Spring on the Farm – 2012 Edition

Time for Greenhouse Seeding!

Spring is in the air, with warmer nights, sunny days and precipitation arriving as rain instead of snow. I started up the seed house last week – which involved lots of cleaning and getting the fans and heater going. This year my son Noah and I replaced the ‘inflation blower’ – a small fan in the greenhouse that inflates the space between the two layers of plastic covering the greenhouse. These pieces are sealed on all sides and the fan inflates the space between them, creating an insulating air pocket between the inside and outside. The old blower setup had become compromised because of the way we originally set it up and lots of air was leaking.

Inside the greenhouse I am keeping the air temperature to around 50 degrees minimum at night, but the newest flats of peppers, eggplants and early flowers sit on a heat mat set to 90 degrees and covered with plastic to form a mini-greenhouse inside the greenhouse. Early plantings are progressing bit by bit – I can’t be in too much of a hurry because of the upcoming planting timeline. Typically, our earliest plantings are transplanted into the field at the end of April after our main irrigation supply, Fire Mountain Canal, is turned on. Some years we have a supply of early water by the end of March, but without knowing if i will have this water I can’t grow transplants too early – instead I will direct seed early crops like beets, peas, carrots and salad if I have early water.

Into the Field…

The ideal scenario is to transplant into the field right when the plants have formed a nice root ball, but before they are root-bound – if I plant too early in the greenhouse, the transplants will wind up waiting to be put out and getting ‘root-bound’.  With a crop like lettuce or broccoli, this means greenhouse seeding around 6-8 weeks before transplanting – meaning March 1st is the earliest I want to start seeding these crops in the greenhouse.  Other crops like peppers, eggplant and tomatoes are slower growing and get transplanted into larger containers before eventually making it into the field in late May or early June after the danger of frost has passed.

What to Plant?

Figuring out exactly what to plant and just how much is part of the art of small scale farming. I look at last years records and go thru each crop on a spreadsheet, trying to decide what crops deserve more space, and which ones I had too much of.

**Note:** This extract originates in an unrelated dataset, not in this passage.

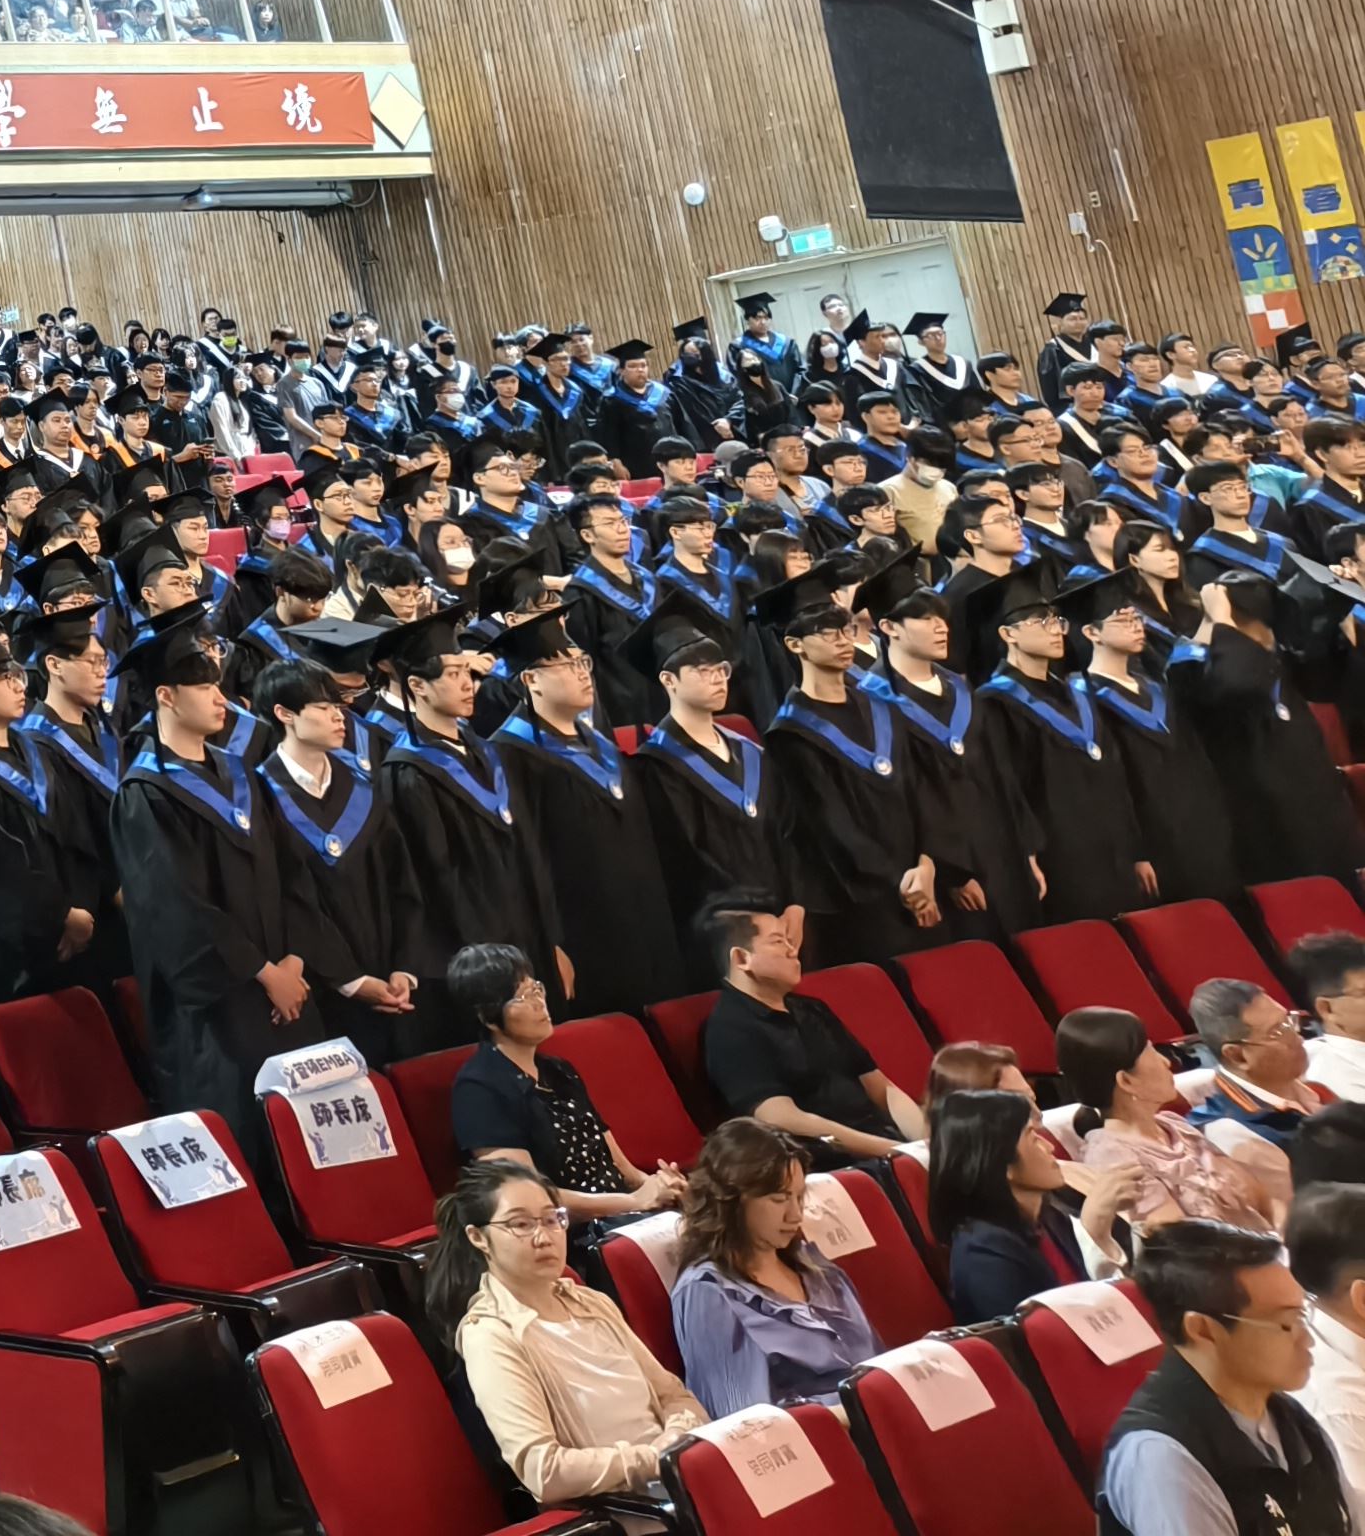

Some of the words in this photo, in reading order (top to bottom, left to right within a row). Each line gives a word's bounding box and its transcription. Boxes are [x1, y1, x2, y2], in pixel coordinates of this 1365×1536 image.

[309, 1095, 372, 1128] 師長席
[140, 1136, 208, 1172] 師長席

I mix this with a health helping of intuition about the season – what will work well, what I can wholesale, etc. Every year there are new varieties to try, and there are always new or developing projects. For example this year I’m planning on filling the new hoop house with melons – lots of small watermelons ant cantaloupes.  The larger field hoop house will be filled with lots of colored bell peppers, eggplant and tomatoes.

Whats Next?

The next few weeks on the farm are a whirlwind of activity – spreading manure and preparing the field for planting is the biggest job. This spring I have large field sections that were planted in cover crop last fall and these will be left until late spring or early summer when they will be mowed or tilled in. Many of this year’s veggies will be planted in the inner part of the field, among the old apple trees – last year this section of the field was fallow. The far field will get larger scale plantings like corn or beans.

Sign Up Early!

Your CSA signups have started to trickle in, and we appreciate that. Summer is still a ways off, but early signups do help us plan the season. If you can’t afford the pay in full option (with a 10% discount on veggies), you can just send $150 to hold your spot for the season. We really want people to sign up as soon as they can so we can best plan the season’s plantings. We usually receive a steady stream of signups, then a flurry just before the harvest season begins, but we would rather have the signups come in earlier.

Thank you! More farm updates will arrive as the season progresses. 

Sowing the Onions

I’m getting an early start on this year with a bunch of onions from seed. We didn’t have quite enough onions last year, and the fall crop never matured in time to be harvested, so I’m getting an earlier start and planting a lot more variety from seed. i’m still planting the same from-transplant bets of red and yellow sweet ontions, but i’m adding an early bed of mixed red & yellow storage onions, plus a bed of specialty onions like the oblong ‘red long of tropea’ and flattened mini yellow and purple onions. I’m also planting a patch of (seed grown) shallots this week which will be ready by fall, as well as chives and bunching onions which will be ready early this spring.